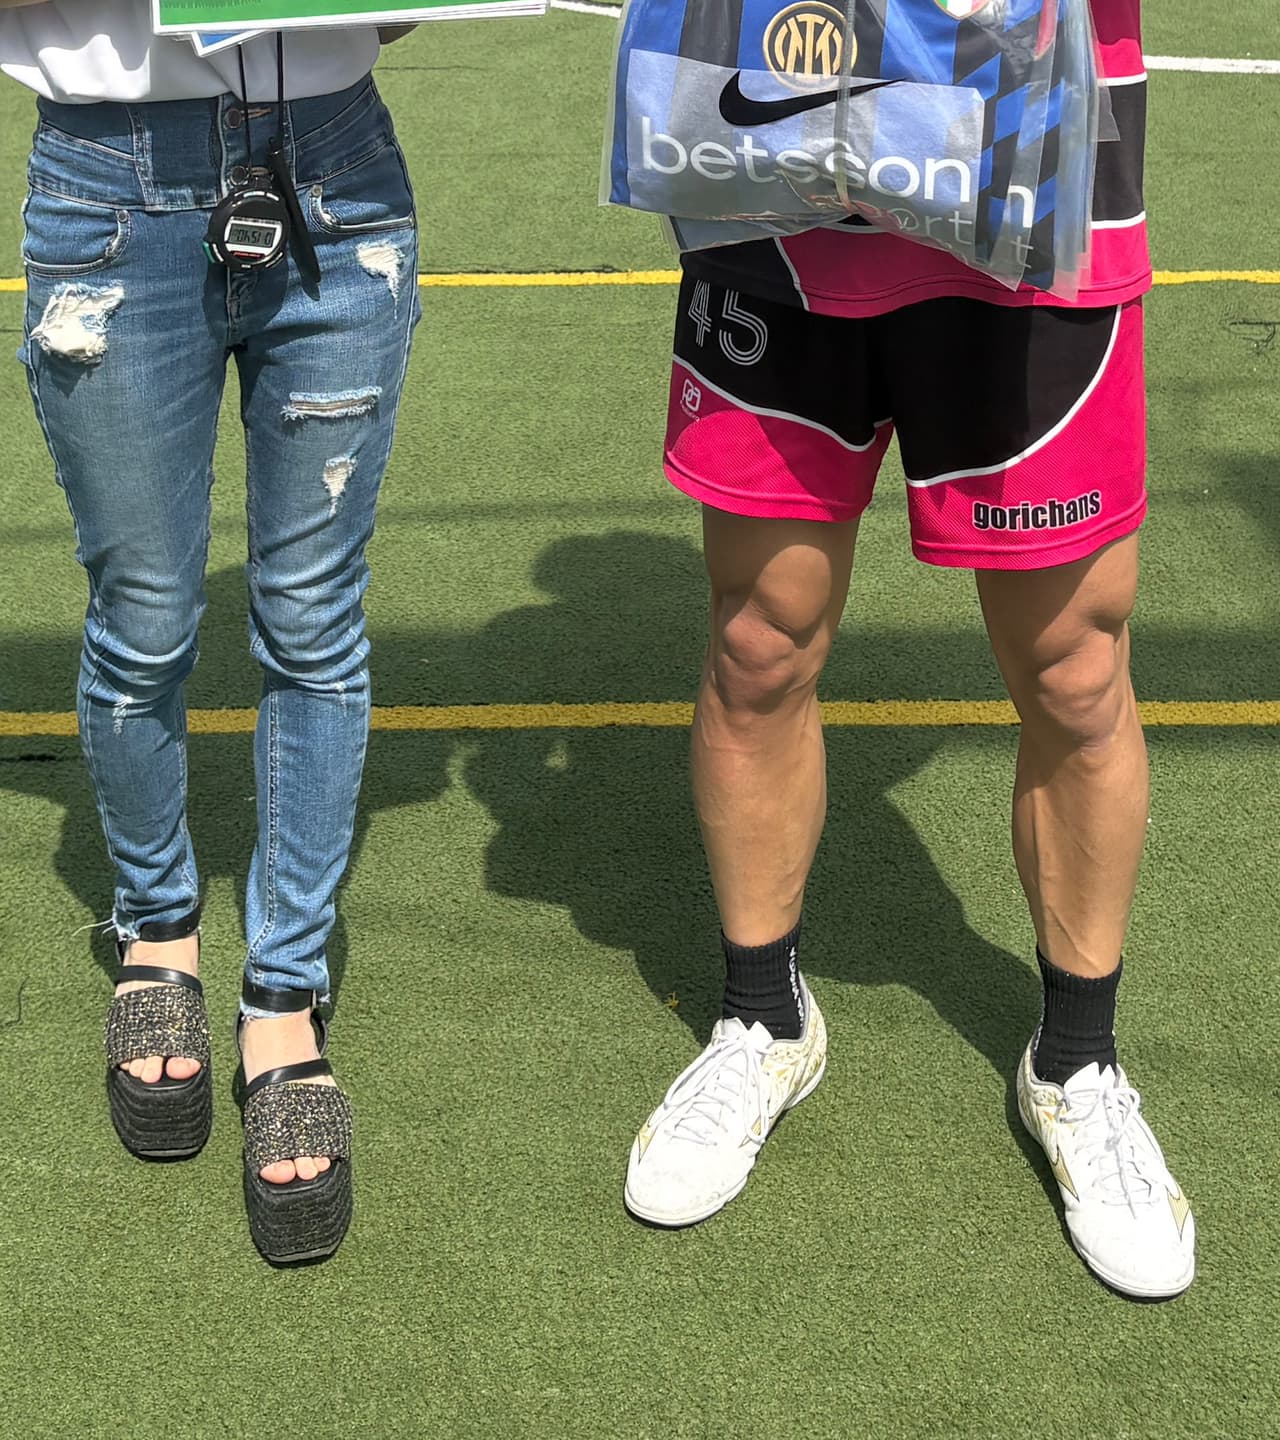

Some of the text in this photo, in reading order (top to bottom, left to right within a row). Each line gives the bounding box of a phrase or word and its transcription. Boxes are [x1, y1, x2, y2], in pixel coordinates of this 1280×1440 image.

[641, 116, 972, 203] betsson
[687, 279, 769, 366] 45
[972, 489, 1102, 532] gorichans
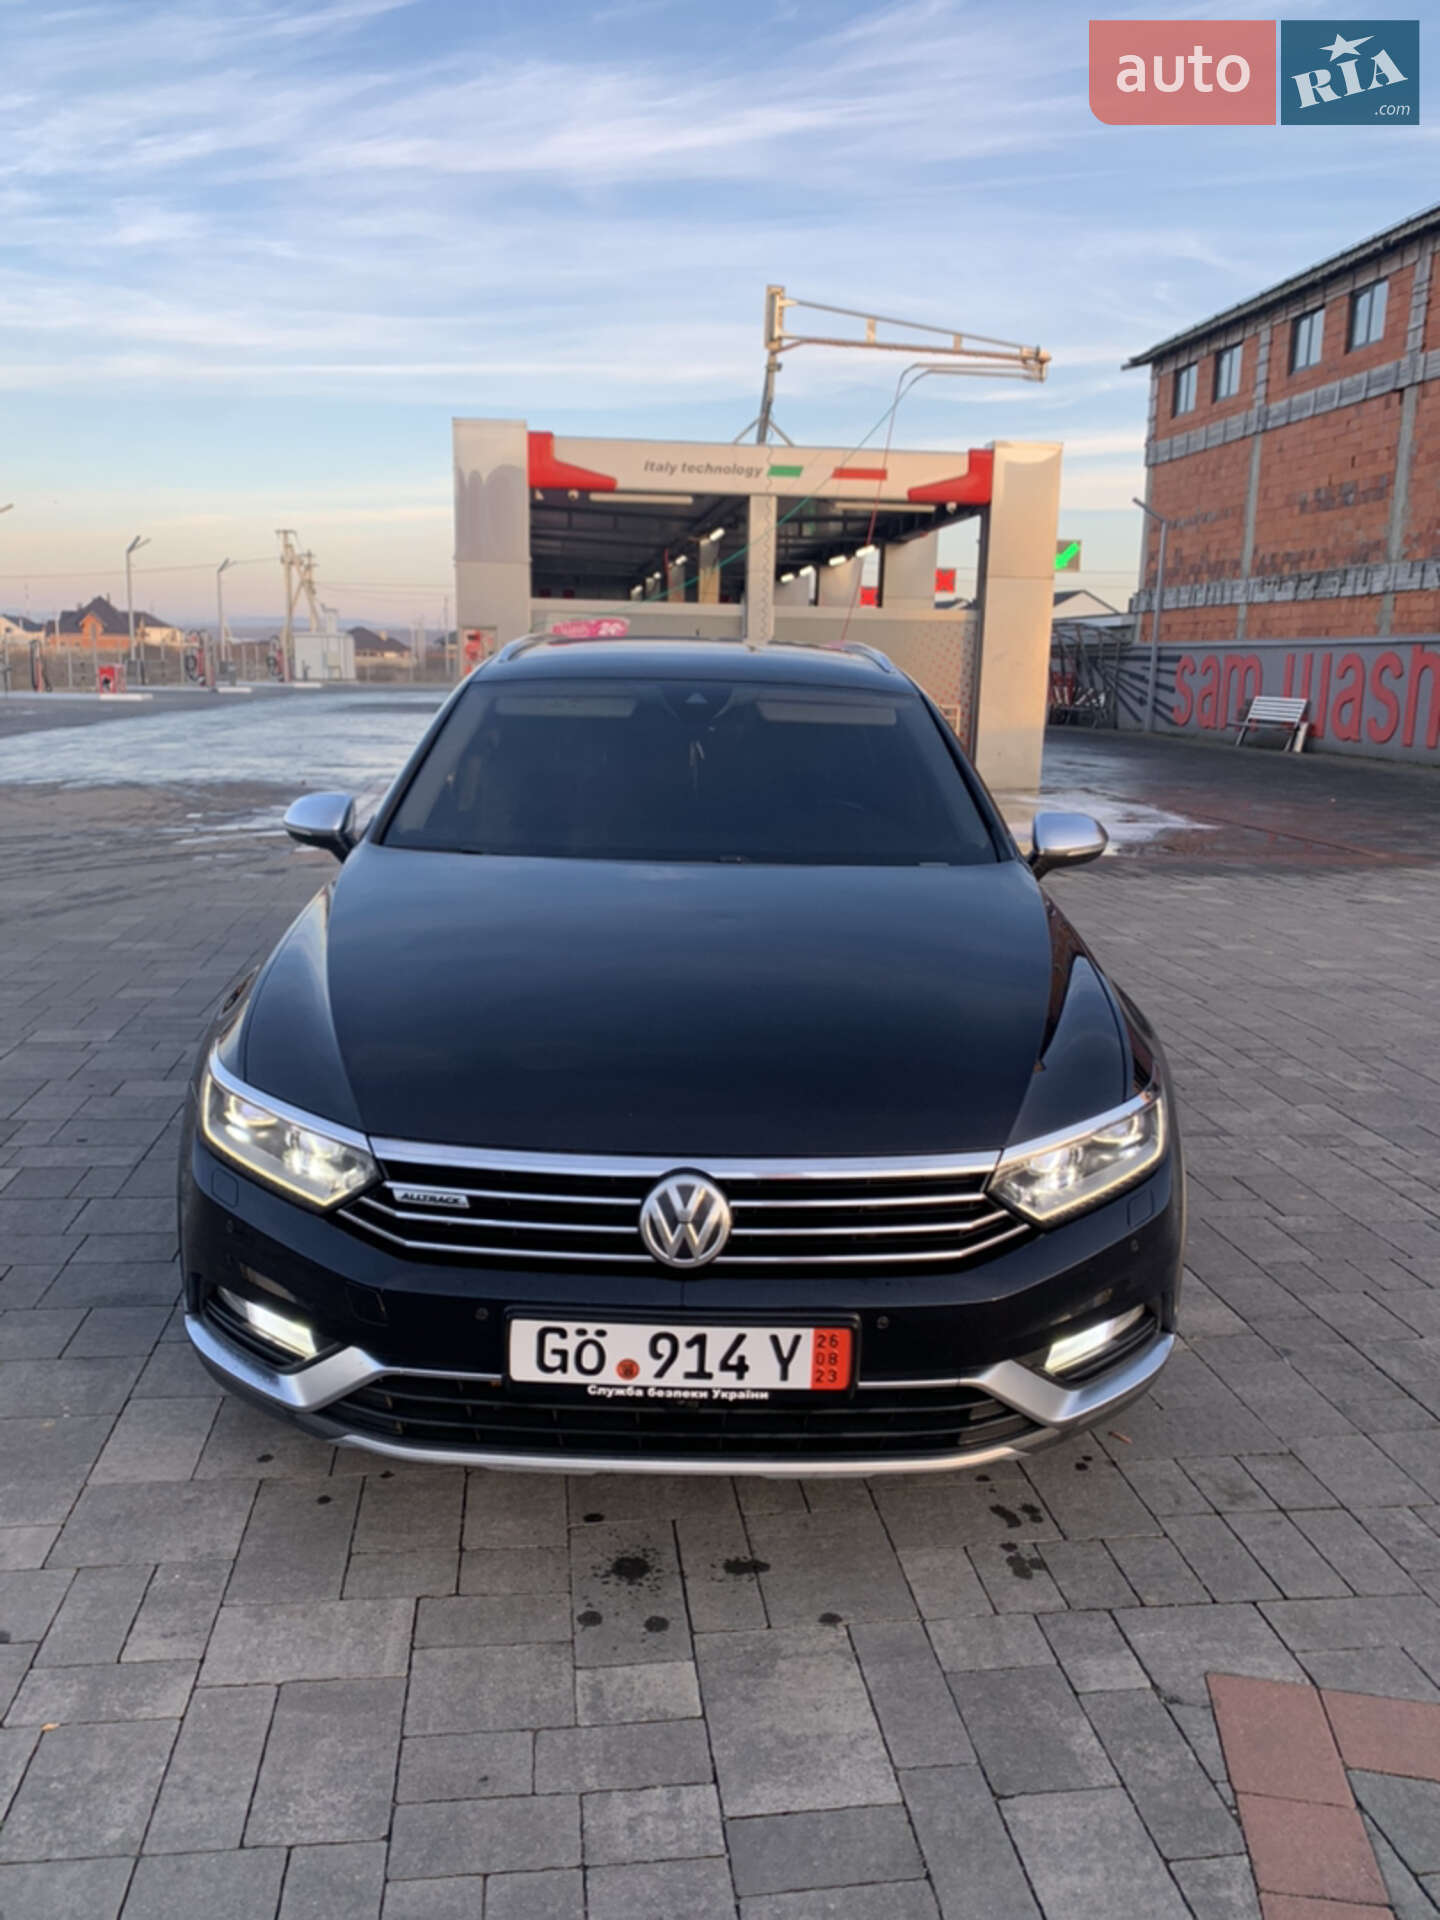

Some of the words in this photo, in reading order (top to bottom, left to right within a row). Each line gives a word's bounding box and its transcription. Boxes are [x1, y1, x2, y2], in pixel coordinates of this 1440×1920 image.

[644, 460, 678, 475] Italy
[681, 463, 763, 478] technology
[1174, 654, 1263, 732] sam
[816, 1333, 839, 1349] 26
[536, 1326, 608, 1376] GÖ
[648, 1331, 750, 1381] 914
[768, 1333, 803, 1382] Y
[815, 1351, 838, 1366] 08
[815, 1368, 838, 1384] 23
[587, 1384, 644, 1398] Служба
[647, 1387, 709, 1399] безпеки
[712, 1388, 770, 1401] України
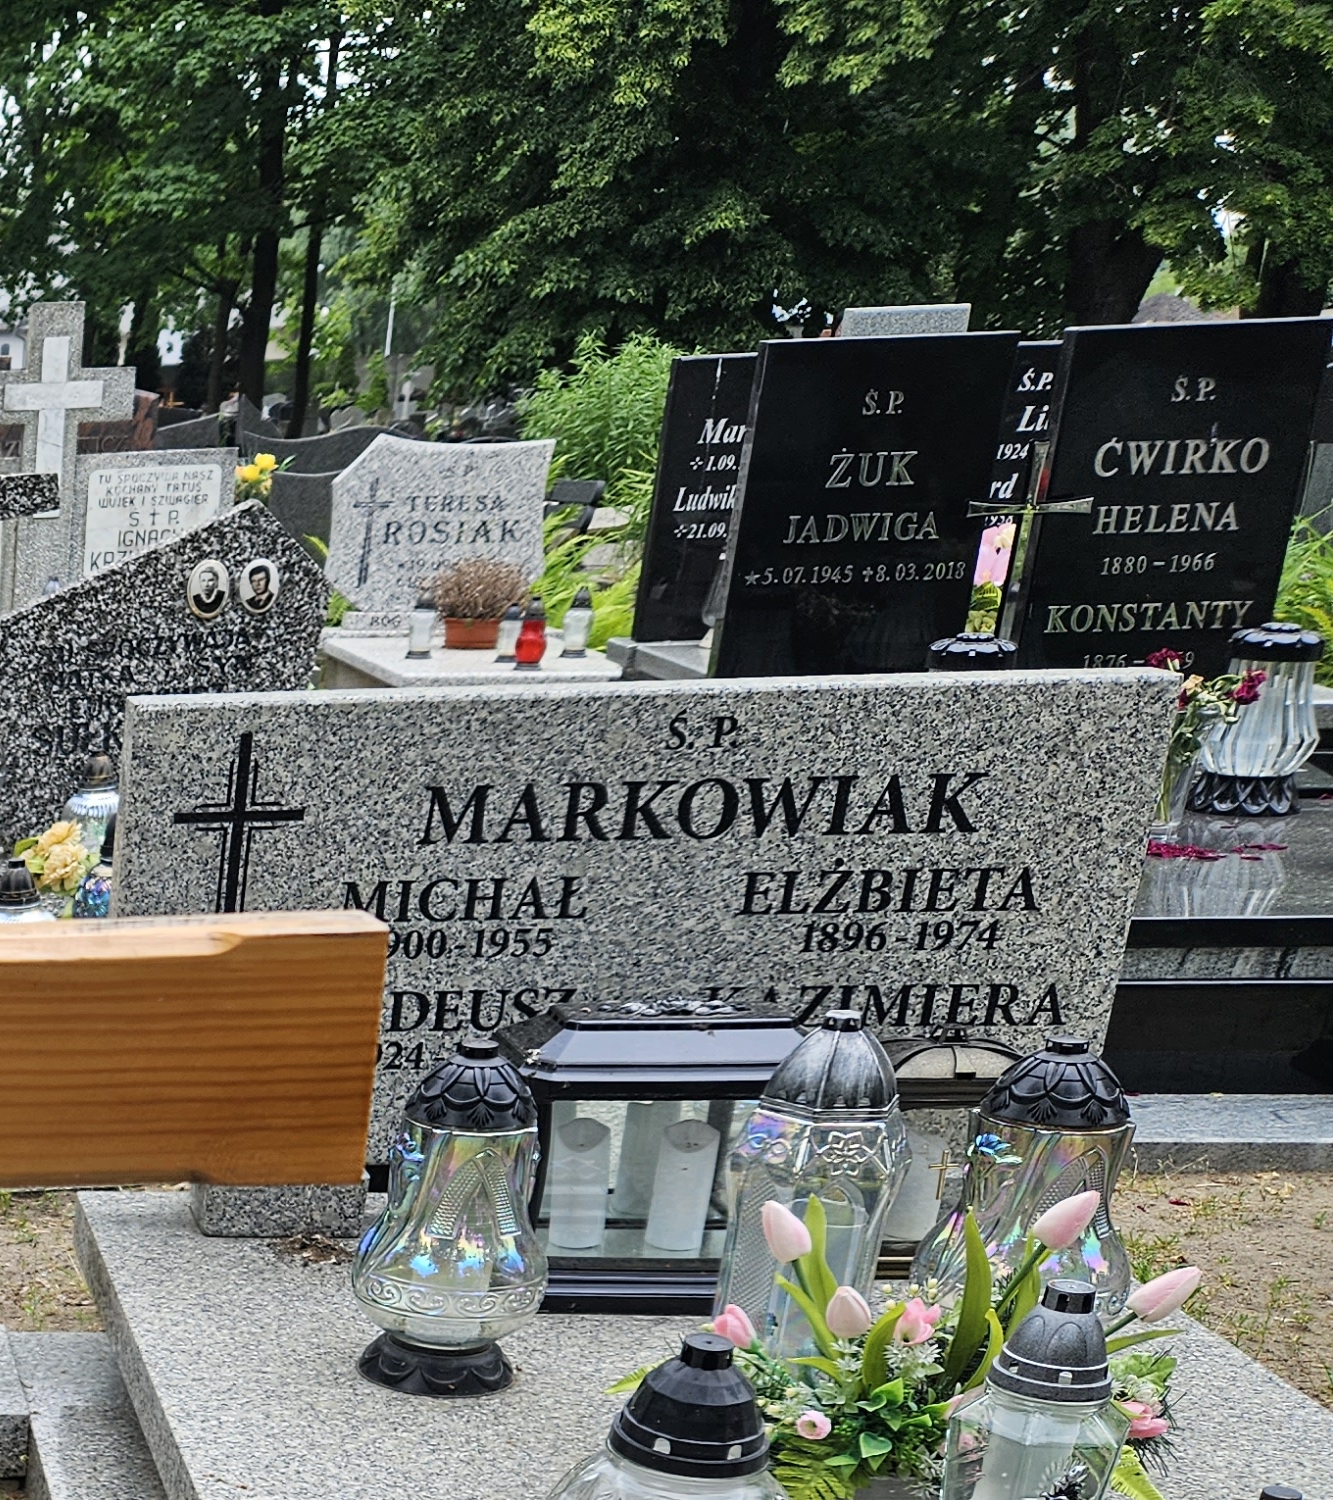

--------

Repeat the records exactly but leave out the images.

→ RESULT OF THE EXERCISE
Some of the text in this photo, in reading order (top to bottom, left to right within a row). Each line gives the bounding box of a phrase or word and its transcription. Boxes are [x1, y1, x2, y2], in pixel coordinates of this 1280×1440 image.

[641, 116, 972, 203] betsson
[687, 279, 769, 366] 45
[972, 489, 1102, 532] gorichans

Some of the words in this photo, in reading order (top to bottom, left to right within a row). Each line gives a word's bounding box and its transcription. Boxes are [x1, y1, x2, y2], in pixel coordinates of this 1440×1920 image.

[644, 460, 678, 475] Italy
[681, 463, 763, 478] technology
[1174, 654, 1263, 732] sam
[816, 1333, 839, 1349] 26
[536, 1326, 608, 1376] GÖ
[648, 1331, 750, 1381] 914
[768, 1333, 803, 1382] Y
[815, 1351, 838, 1366] 08
[815, 1368, 838, 1384] 23
[587, 1384, 644, 1398] Служба
[647, 1387, 709, 1399] безпеки
[712, 1388, 770, 1401] України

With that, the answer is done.